Following the flow of thought without intervening

Sit with your eyes closed in a chair or armchair, or assume your favourite meditation position. Since it is a mental exercise, posture does not really matter. The important thing is that it is comfortable enough not to cause distraction. If you are sleepy or tired, postpone the practice until a more convenient time. You can also sprinkle your face with cold water or take a few deep breaths to regain attention.

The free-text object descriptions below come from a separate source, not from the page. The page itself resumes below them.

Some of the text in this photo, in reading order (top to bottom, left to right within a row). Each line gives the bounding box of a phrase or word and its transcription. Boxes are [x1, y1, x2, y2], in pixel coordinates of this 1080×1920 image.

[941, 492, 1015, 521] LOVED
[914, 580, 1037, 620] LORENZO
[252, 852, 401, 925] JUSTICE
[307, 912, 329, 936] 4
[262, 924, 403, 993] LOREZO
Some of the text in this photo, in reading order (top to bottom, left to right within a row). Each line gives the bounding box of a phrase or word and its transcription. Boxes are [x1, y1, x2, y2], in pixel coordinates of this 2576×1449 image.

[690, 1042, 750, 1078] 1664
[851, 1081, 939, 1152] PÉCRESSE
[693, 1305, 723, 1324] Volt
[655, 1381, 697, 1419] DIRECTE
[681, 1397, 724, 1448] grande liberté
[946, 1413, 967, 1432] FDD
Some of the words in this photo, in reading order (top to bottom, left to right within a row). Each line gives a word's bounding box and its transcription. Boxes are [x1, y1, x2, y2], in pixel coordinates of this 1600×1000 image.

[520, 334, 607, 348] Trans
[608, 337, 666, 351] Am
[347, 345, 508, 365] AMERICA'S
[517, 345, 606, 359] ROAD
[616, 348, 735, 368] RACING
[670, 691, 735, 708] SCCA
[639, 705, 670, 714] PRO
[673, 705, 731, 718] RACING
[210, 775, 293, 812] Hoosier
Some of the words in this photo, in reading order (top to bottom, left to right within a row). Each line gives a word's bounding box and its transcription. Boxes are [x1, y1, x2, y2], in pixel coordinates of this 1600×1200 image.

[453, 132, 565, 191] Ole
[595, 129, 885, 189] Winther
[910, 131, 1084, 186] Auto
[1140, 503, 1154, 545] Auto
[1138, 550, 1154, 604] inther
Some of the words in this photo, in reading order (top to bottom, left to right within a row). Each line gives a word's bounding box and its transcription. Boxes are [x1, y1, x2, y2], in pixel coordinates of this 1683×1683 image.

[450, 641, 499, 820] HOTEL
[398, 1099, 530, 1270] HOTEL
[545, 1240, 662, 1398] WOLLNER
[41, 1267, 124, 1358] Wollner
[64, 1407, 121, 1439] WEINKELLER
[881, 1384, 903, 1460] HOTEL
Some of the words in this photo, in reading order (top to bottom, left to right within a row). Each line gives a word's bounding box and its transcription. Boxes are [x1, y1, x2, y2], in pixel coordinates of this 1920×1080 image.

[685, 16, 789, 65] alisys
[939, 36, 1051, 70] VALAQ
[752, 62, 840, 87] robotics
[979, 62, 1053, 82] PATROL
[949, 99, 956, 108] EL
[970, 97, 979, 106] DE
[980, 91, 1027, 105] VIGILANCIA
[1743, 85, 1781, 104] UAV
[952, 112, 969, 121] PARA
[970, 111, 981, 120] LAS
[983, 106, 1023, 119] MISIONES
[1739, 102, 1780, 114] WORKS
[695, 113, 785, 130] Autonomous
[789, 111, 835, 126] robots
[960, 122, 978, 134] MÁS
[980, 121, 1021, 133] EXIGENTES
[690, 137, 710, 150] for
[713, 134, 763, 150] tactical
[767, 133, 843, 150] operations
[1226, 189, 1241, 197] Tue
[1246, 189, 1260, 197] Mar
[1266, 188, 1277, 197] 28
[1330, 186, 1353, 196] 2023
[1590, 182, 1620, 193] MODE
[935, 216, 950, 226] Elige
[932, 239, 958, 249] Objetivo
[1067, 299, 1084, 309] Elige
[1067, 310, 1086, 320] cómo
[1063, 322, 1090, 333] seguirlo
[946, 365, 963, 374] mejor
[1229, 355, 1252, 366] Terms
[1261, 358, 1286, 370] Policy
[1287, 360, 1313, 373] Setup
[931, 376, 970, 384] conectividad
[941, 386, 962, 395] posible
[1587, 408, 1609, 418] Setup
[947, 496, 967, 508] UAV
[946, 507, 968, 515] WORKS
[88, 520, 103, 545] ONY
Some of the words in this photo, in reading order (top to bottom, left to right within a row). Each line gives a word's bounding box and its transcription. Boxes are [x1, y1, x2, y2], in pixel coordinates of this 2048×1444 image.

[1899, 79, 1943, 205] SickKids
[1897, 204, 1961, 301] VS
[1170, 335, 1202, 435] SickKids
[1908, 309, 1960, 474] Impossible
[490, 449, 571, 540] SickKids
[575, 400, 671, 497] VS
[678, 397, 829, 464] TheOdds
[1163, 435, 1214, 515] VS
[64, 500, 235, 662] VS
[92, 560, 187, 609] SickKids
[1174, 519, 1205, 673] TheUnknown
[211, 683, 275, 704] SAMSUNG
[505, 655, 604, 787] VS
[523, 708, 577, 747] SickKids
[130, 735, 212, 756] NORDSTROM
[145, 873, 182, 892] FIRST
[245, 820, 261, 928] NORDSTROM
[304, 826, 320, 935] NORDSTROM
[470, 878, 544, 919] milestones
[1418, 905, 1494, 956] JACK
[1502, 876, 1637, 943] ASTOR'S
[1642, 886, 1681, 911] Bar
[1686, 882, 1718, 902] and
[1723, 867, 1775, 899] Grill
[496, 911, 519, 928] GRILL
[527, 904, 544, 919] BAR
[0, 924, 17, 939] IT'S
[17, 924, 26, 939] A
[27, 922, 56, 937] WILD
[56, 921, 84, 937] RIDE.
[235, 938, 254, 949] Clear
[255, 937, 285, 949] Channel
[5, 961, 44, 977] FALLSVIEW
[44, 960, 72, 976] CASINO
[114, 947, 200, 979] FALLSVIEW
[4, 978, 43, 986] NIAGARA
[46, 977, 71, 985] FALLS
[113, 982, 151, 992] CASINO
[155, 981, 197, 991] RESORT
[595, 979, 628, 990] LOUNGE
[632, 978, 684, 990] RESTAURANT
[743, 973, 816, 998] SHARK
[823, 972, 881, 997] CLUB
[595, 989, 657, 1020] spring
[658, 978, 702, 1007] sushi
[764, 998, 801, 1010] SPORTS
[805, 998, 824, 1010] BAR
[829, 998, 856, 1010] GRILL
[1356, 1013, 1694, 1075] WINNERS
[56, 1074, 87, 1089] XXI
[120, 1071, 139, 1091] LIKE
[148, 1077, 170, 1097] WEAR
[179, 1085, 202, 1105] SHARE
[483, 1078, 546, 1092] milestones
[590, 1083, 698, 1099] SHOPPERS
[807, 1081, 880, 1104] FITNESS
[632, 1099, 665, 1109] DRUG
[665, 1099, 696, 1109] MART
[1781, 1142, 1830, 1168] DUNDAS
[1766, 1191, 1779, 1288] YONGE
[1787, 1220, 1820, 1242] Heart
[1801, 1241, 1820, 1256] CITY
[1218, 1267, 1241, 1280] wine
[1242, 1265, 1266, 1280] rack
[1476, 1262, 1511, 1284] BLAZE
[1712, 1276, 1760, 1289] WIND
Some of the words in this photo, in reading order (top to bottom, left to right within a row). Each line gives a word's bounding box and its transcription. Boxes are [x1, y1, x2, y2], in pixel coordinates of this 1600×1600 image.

Start by observing the flow of your thoughts. In our daily lives, our thoughts and emotions are closely connected. Seeing someone or an object can trigger feelings and thoughts such as love, hate, or desire. Similarly, one idea can lead to a chain of thoughts that are hard to break free from. The goal of this exercise is to stop this cycle by calmly observing your thoughts as they arise, as if you were an outside observer, without trying to get rid of them.
Obviously, the idea of the observer serves as a metaphor to explain the principle of inaction, which forms the basis of the exercise. Conceptualising oneself as an inactive observer can lead to a potentially endless cycle of observers observing the original observer. Since thought is a product of being, there is no absolute distinction between the thinker and the thought. As mentioned earlier, effective action involves detaching emotionally from the initial thought rather than generating more thoughts. That also applies to disruptive emotions or unexpected thoughts that may arise, such as sudden noises during a meditation session. It is not the sound hindering meditation but our reaction to it.
With practice, you will notice a thinning of thoughts that, without emotional nourishment, tend to disappear spontaneously as they arise. Start with a 2–3-minute session in the morning, repeat in the evening, and increase by one minute daily. When you can maintain a conscious detachment from thoughts for ten minutes, the exercise is complete, and you can move on to the next step.